Büyüyen sığınmacı akınları ve Türkiye
Dünyadaki toplam uluslararası göçmen nüfusu, yaygın tanım olan 12 ay
veya daha uzun süreli ikamet adresini bir ülkeden başka bir ülkeye giderek
değiştirmek dikkate alınırsa yaklaşık yüzde 3.4 yani 250 milyona yakındır (Şekil
1). Mülteciler 2016 yılındaki 244 milyon göçmenin küçük bir kesimini
oluşturmaktalar. 2016 yaz ayları itibariyle 65,3 milyon yerinden edilmiş toplam
nüfusun sadece 21 milyon kadarı mülteciydi ve bu önceki yıl 16 milyon olan
sayıya göre önemli bir artışı ifade eder (Sirkeci & Martin, 2016:329; Martin,
2016:305). Son on yılda göç tartışmalarında gördüğümüz düşmanca tavır ve
tepkilere rağmen, uluslararası göç hala bir norm değil istisnadır (Martin &
Sirkeci, 2017:573). Bu üç aşağı beş yukarı Türkiye için de böyledir. Türkiye’de
de, son beş yılda gelen milyonlarca Suriyeliye karşın nüfusun kabaca yüzde 5
kadarı yurtdışından gelen göçmenlerden oluşmaktadır.

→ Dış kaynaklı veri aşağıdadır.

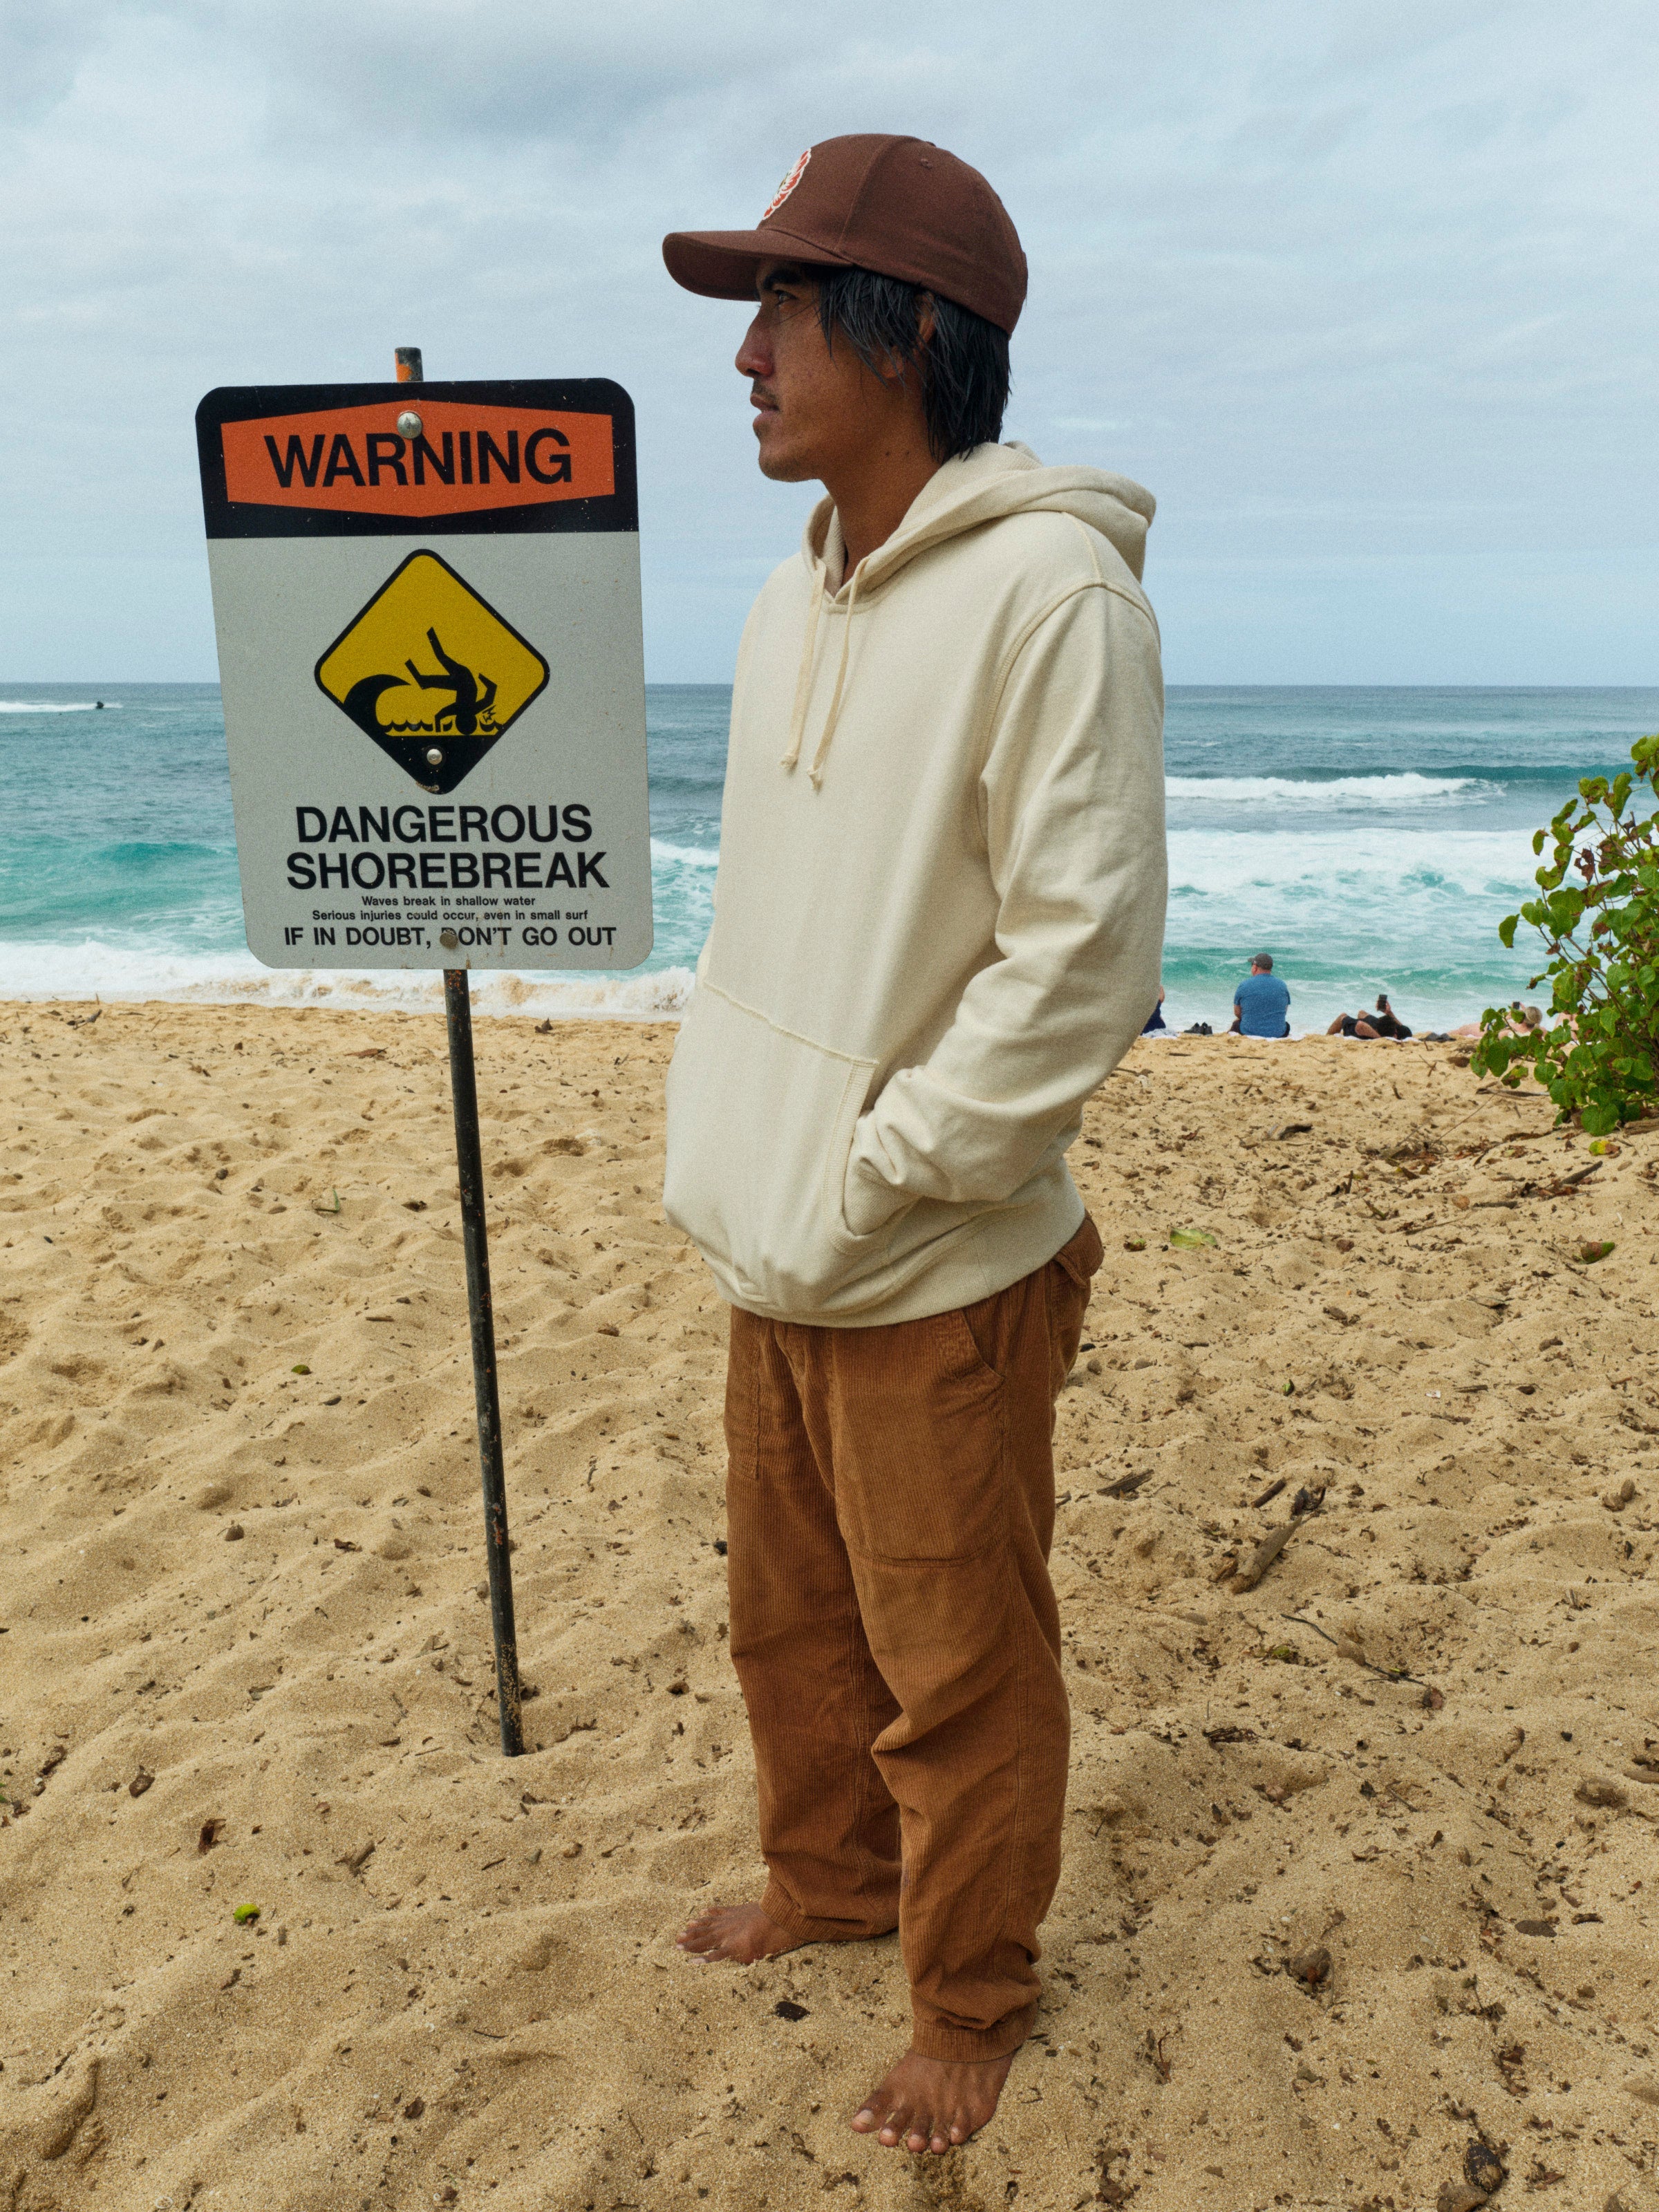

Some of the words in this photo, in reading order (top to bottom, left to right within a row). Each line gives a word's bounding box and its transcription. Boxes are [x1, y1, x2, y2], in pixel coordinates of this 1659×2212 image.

[264, 428, 572, 488] WARNING
[296, 804, 592, 843] DANGEROUS
[286, 852, 610, 890] SHOREBREAK
[312, 910, 355, 921] Serious
[360, 910, 402, 922] injuries
[406, 910, 438, 920] could
[442, 912, 479, 922] occur,
[484, 911, 511, 920] even
[515, 910, 525, 920] in
[530, 910, 560, 920] small
[565, 910, 588, 920] surf
[362, 896, 399, 906] Waves
[403, 896, 436, 906] break
[440, 896, 451, 906] in
[456, 896, 498, 906] shallow
[503, 897, 536, 906] water
[284, 927, 303, 946] IF
[313, 927, 336, 946] IN
[346, 926, 431, 949] DOUBT,
[522, 926, 558, 946] GO
[568, 926, 617, 946] OUT

Şekil 1. Dünyadaki göçmenler ve göç etmeyenler, 1960-2015 (milyon)
Kaynak: Birleşmiş Milletler, BMMYK, ve Dünya Bankası.
Uluslararası göç 3K tarafından şekillenmektedir: toplumsal sınıflar ve
coğrafi bölgeler arasında eşitsizliklerle örüntülenen olumsuz ekonomik
koşulları ifade eden kalkınma açığı (veya ekonomik açık), özellikle azınlıklar
açısından temsiliyet sorunlarının varlığına işaret eden katılım (ya da
demokrasi) açığı ve yüksek doğurganlık oranı ve nüfus artış hızı ile
örüntülenmiş kitle (ya da nüfus) açığı. Bu açıklar ülke içinde coğrafi bölgeler
ve toplumsal gruplar arasında ve/veya uluslararası düzeyde ülkeler ve bölgeler
arasında görülebilir. İletişim, ulaşım ve haklar alanında yaşanan devrimlerle
birlikte yurt dışındaki fırsatlardan haberdar olmanın, uluslararası seyahatin ve
24 Türkiye’nin mültecileri, Suriyeliler ve Türk mülteciler
www.GocDergisi.com
yurt dışında yaşamanın kolaylaştığı bir çağda bu 3 açık uluslararası göçün en
önemli belirleyicileridir.
Türkiye’deki başarısız darbe girişimi ülkede bu 3 açığın netleşmesine yol
açarken Avrupa için de yeni göç dertlerini gündeme getiriyor. Çünkü
Türkiye’yi artık ‘güvenli ülke’ saymak zorlaşıyor ve 15 Temmuz 2016’daki
başarısız darbe girşimi sonrası hayata geçen olağanüstü hal uygulaması ve artan
terör saldırıları karşısında çok sayıda Türk vatandaşı ve ülkedeki diğer göçmen
ülkeyi terkediyor. Türk vatandaşları ve ülkedeki göçmenler arasında artan
güvensizlik duygusu dışa göç akınlarının artacağını gösteriyor. Bu aynı
zamanda, 2006’dan bu yana tersine net göç veren Almanya-Türkiye gibi göç
koridorlarında net akışların terse döneceğine de işaret ediyor (Sirkeci &
Zeyneloğlu, 2014).
Türk vatandaşlarının hareketliliği, 21. yüzyılın başından bu yana ülkedeki
göreli refah ve istikrar yanında varolan göç ağları ve göç kültürü nedeniyle
hızla artmaktaydı. Türkiye, öte yandan en büyük mülteci alan ülke konumuna
geldi. Bu ülkenin coğrafi konumu ile hem Avrupa Birliği’ne hem de çatışma
bölgelerine yakınlığı itibariyle şaşırtıcı değil.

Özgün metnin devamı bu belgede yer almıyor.